::: Data to examine
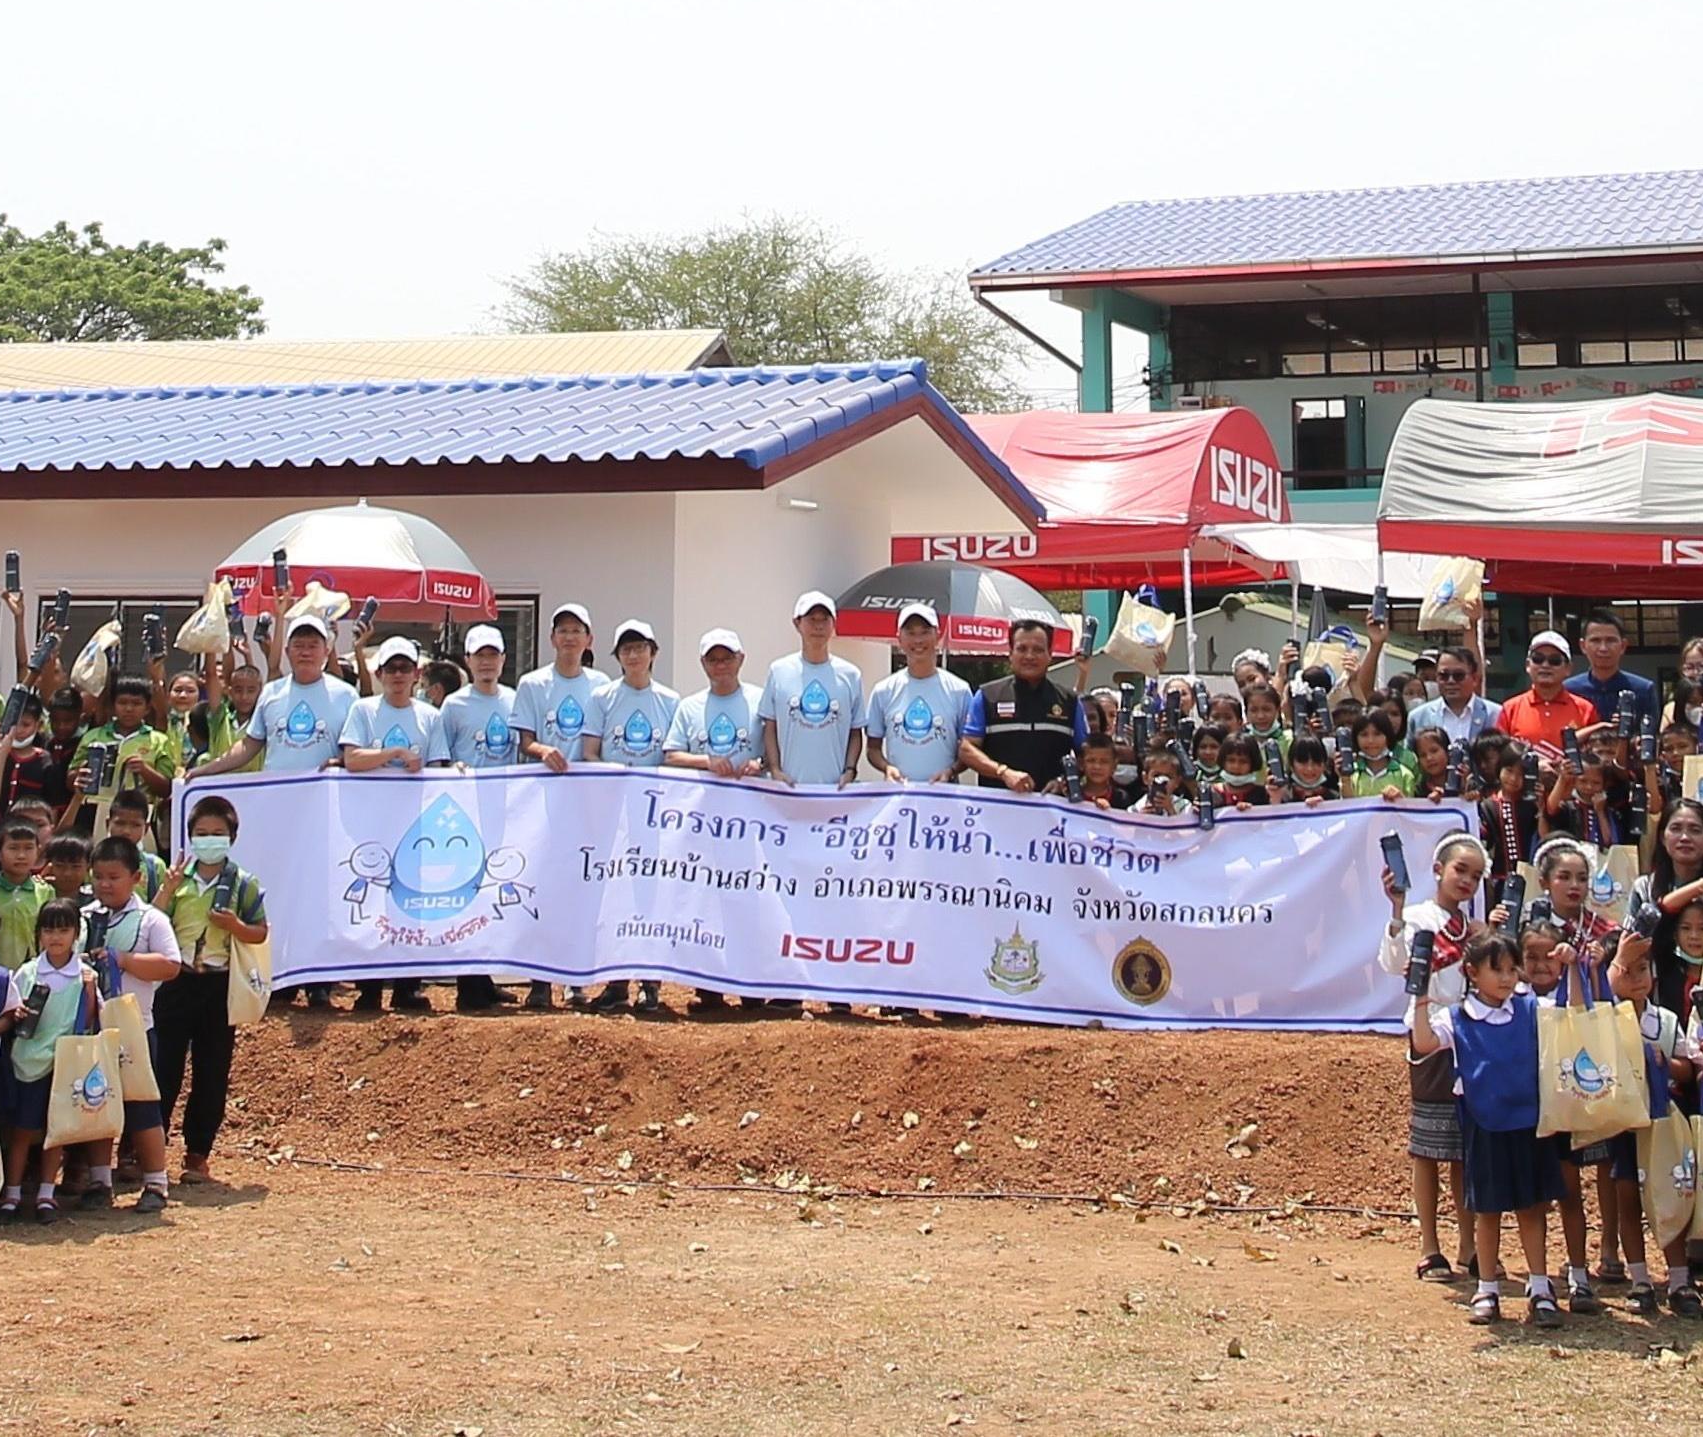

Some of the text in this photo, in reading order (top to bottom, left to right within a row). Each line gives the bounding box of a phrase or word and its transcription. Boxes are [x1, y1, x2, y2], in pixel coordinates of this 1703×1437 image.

[1210, 444, 1284, 523] ISUZU
[921, 535, 1038, 562] ISUZU
[433, 581, 473, 599] ISUZU
[958, 623, 1003, 638] ISUZU
[644, 790, 789, 847] โครงการ
[579, 846, 1273, 924] โรงเรียนบ้านสว่าง อำเภอพรรณานิคม จังหวัดสกลนคร
[403, 896, 466, 910] ISUZU
[616, 916, 726, 952] สนับสนุนโดย
[781, 934, 915, 965] ISUZU
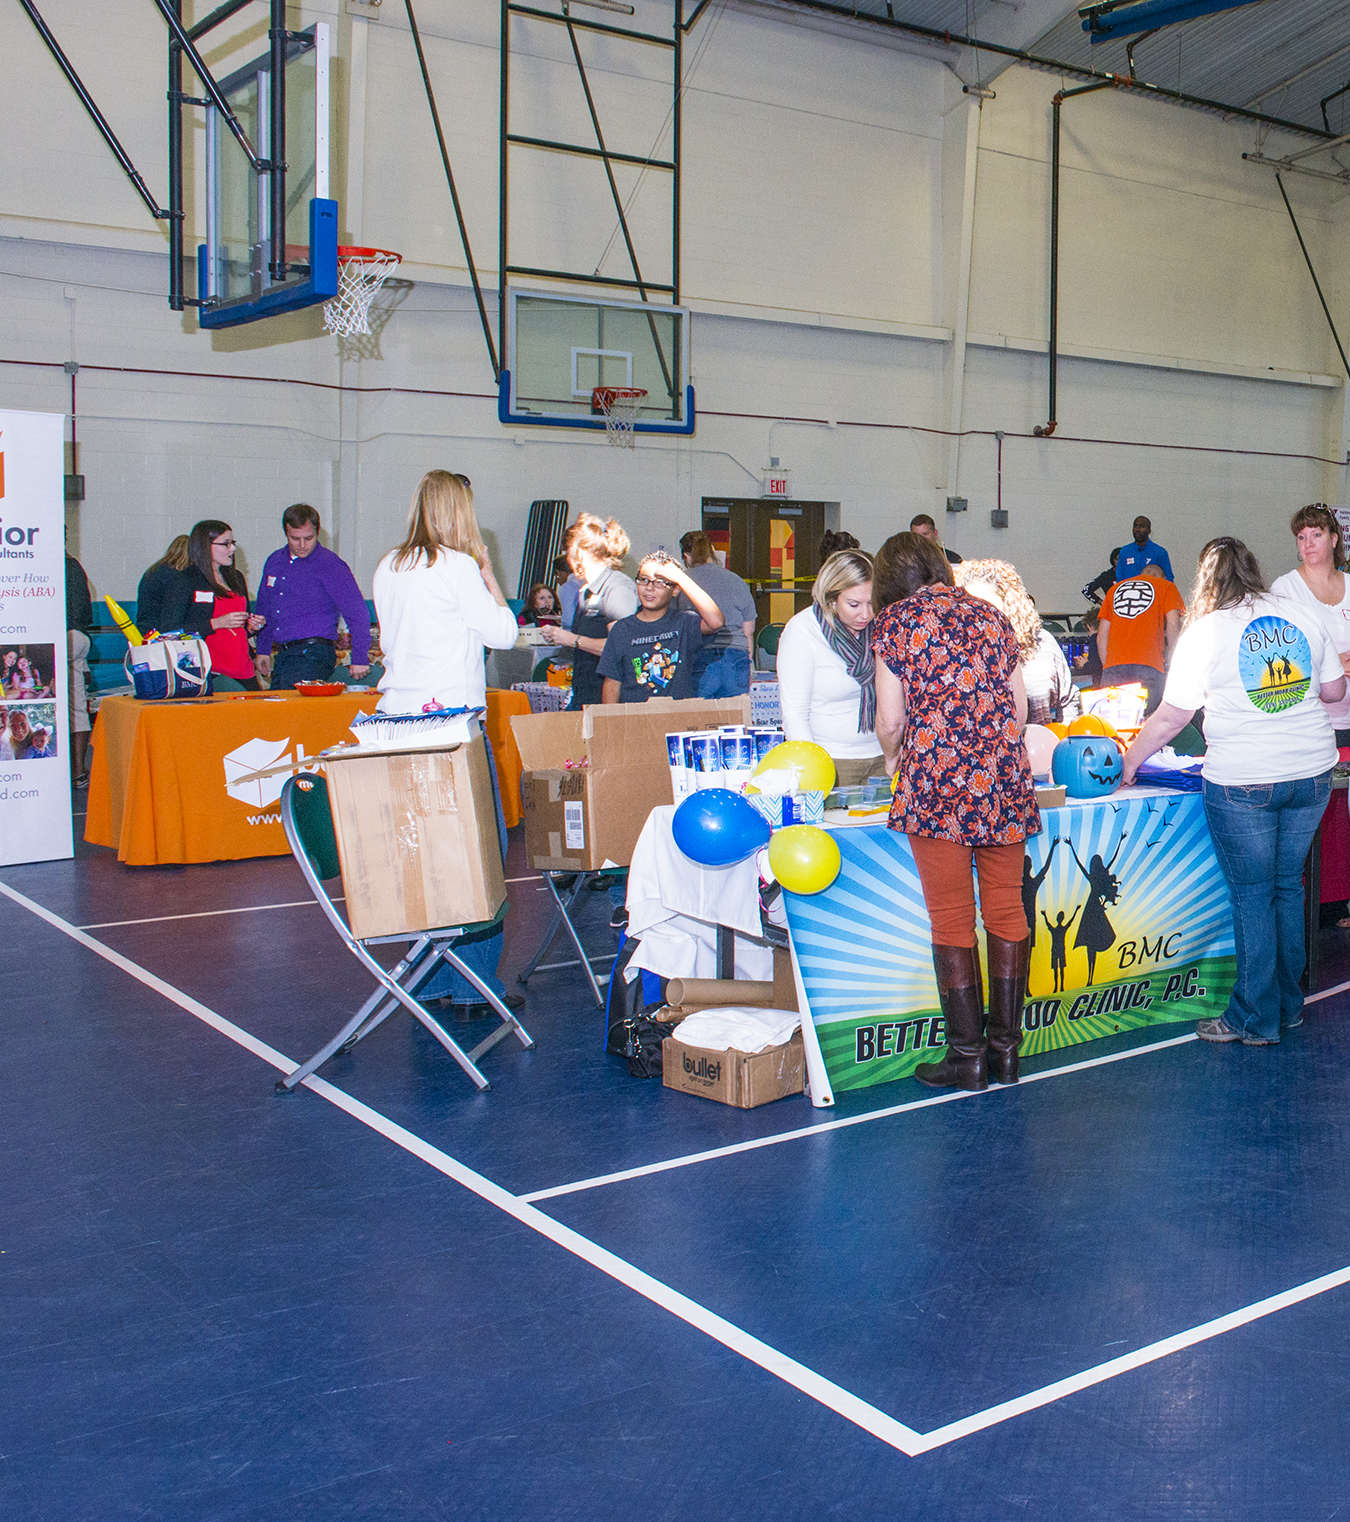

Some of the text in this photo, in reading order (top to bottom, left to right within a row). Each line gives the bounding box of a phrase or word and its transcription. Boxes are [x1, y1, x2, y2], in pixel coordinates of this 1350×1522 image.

[770, 479, 786, 493] EXIT
[23, 573, 50, 583] How
[23, 587, 56, 599] (ABA)
[631, 631, 679, 646] MINECRAFT
[1244, 625, 1297, 652] BMC
[754, 701, 780, 709] HONOR
[1117, 932, 1183, 969] BMC
[855, 1014, 949, 1064] BETTE
[1068, 979, 1153, 1021] CLINIC,
[1162, 967, 1206, 1003] P.C.
[682, 1052, 722, 1081] bullet
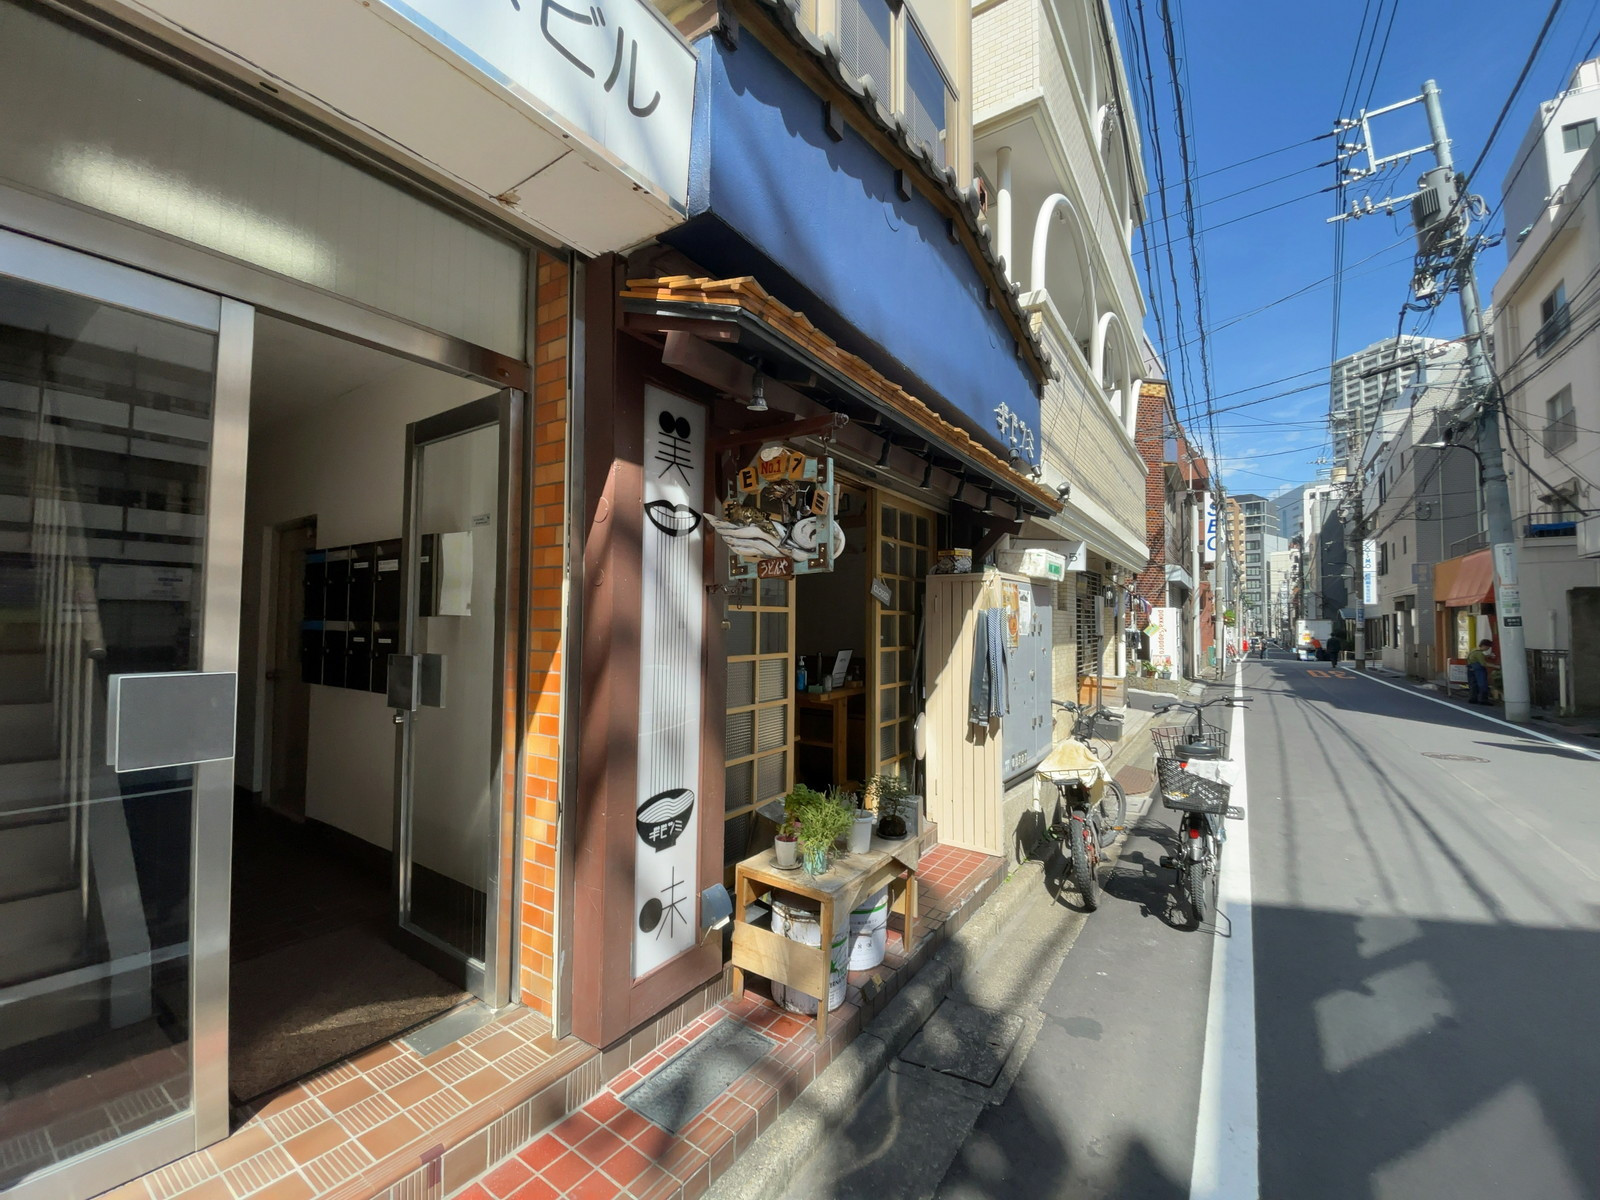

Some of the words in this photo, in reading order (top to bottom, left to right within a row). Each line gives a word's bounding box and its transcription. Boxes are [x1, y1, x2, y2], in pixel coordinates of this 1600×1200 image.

[511, 0, 661, 117] ビル
[761, 460, 781, 475] No.1
[761, 559, 788, 577] うどんや
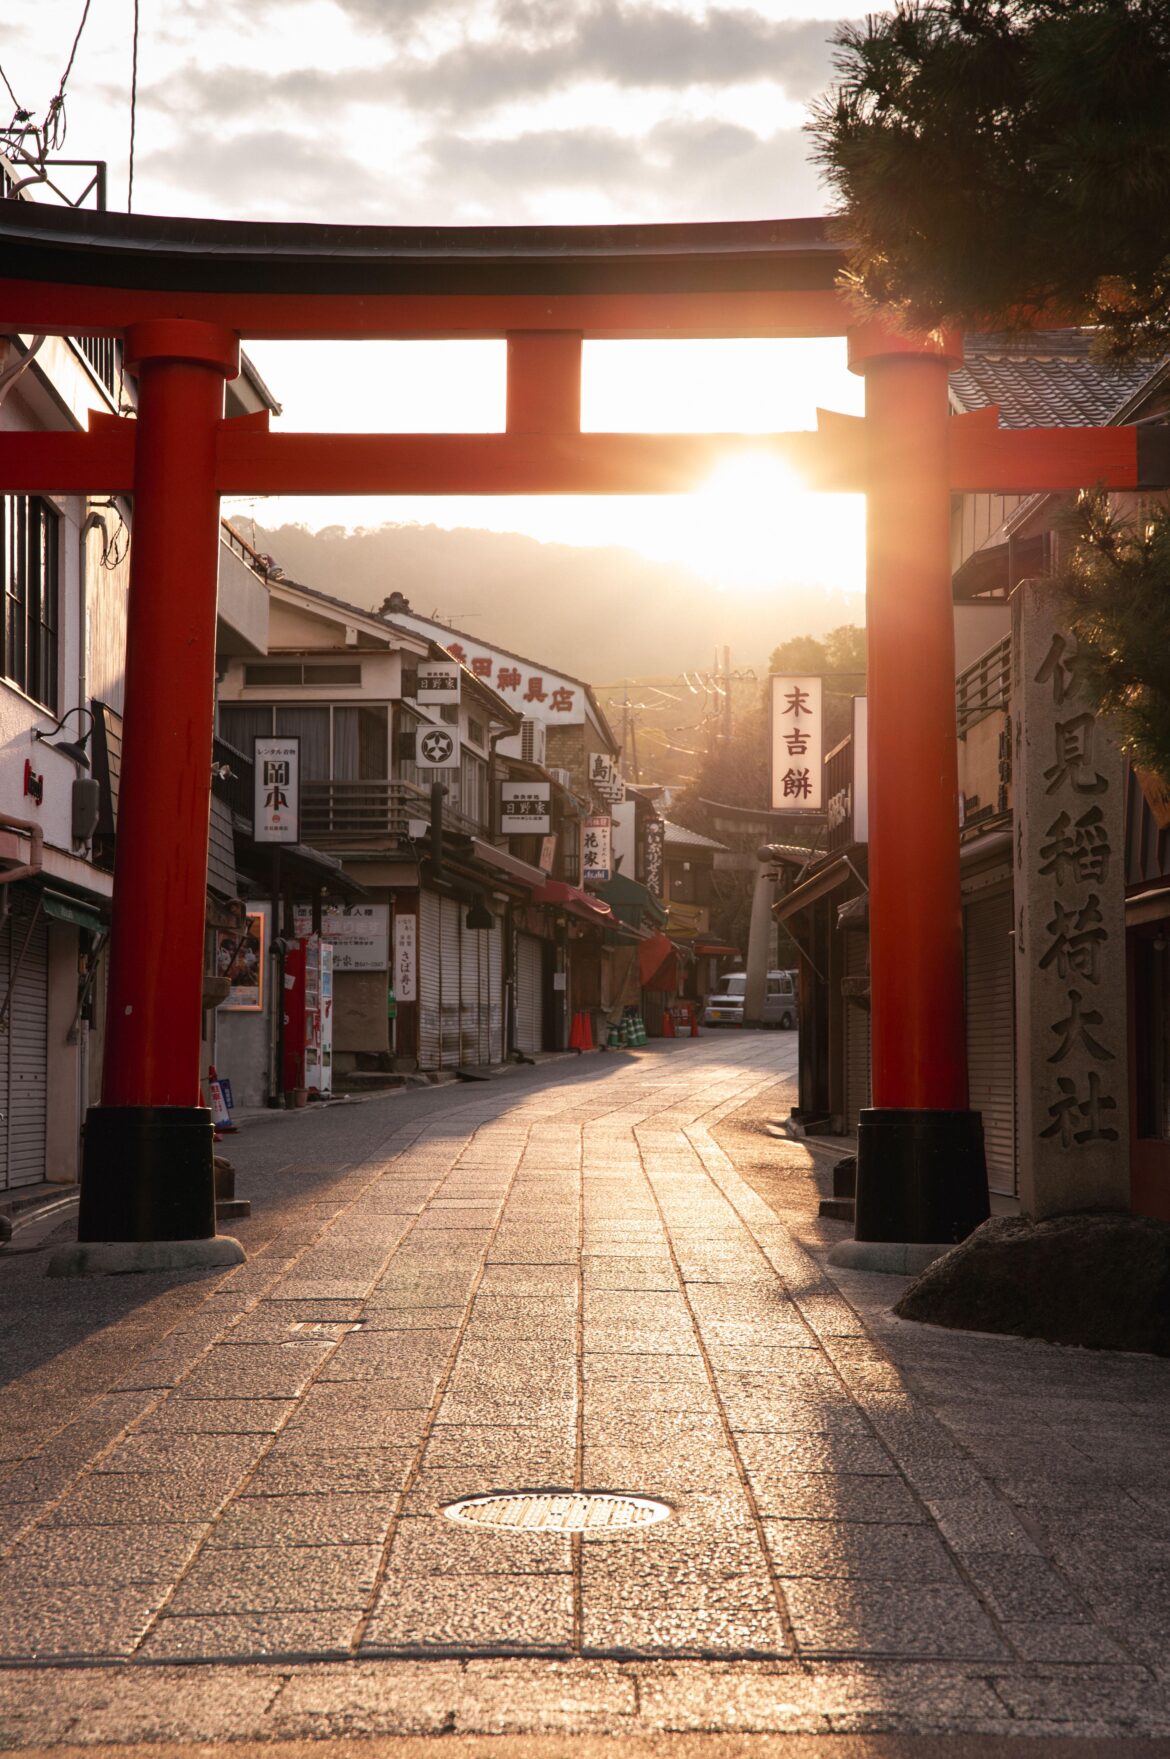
::::::
[Task brief]
The entries should be reproduced word for word, pictures omitted.

[Exercise answer]
Some of the text in this photo, in reading order (top to bottom, left to right within a row). Each line gives the bounding box of a phrase or word and its transcription. Boxes are [x1, y1, x2, y2], in pixel coordinates of this 1703×1437 image.

[1210, 444, 1284, 523] ISUZU
[921, 535, 1038, 562] ISUZU
[433, 581, 473, 599] ISUZU
[958, 623, 1003, 638] ISUZU
[644, 790, 789, 847] โครงการ
[579, 846, 1273, 924] โรงเรียนบ้านสว่าง อำเภอพรรณานิคม จังหวัดสกลนคร
[403, 896, 466, 910] ISUZU
[616, 916, 726, 952] สนับสนุนโดย
[781, 934, 915, 965] ISUZU

Some of the text in this photo, in reading order (top to bottom, left to right within a row). Each line gives the bounding box of a phrase or word and its transcription. Boxes are [x1, y1, x2, y2], in pixel coordinates of this 1350×1522 image.

[770, 479, 786, 493] EXIT
[23, 573, 50, 583] How
[23, 587, 56, 599] (ABA)
[631, 631, 679, 646] MINECRAFT
[1244, 625, 1297, 652] BMC
[754, 701, 780, 709] HONOR
[1117, 932, 1183, 969] BMC
[855, 1014, 949, 1064] BETTE
[1068, 979, 1153, 1021] CLINIC,
[1162, 967, 1206, 1003] P.C.
[682, 1052, 722, 1081] bullet

Some of the words in this photo, in reading order (top to bottom, left to right within a row). Each line gives a word's bounding box and its transcription. Boxes are [x1, y1, x2, y2], in pixel coordinates of this 1600×1200 image.

[511, 0, 661, 117] ビル
[761, 460, 781, 475] No.1
[761, 559, 788, 577] うどんや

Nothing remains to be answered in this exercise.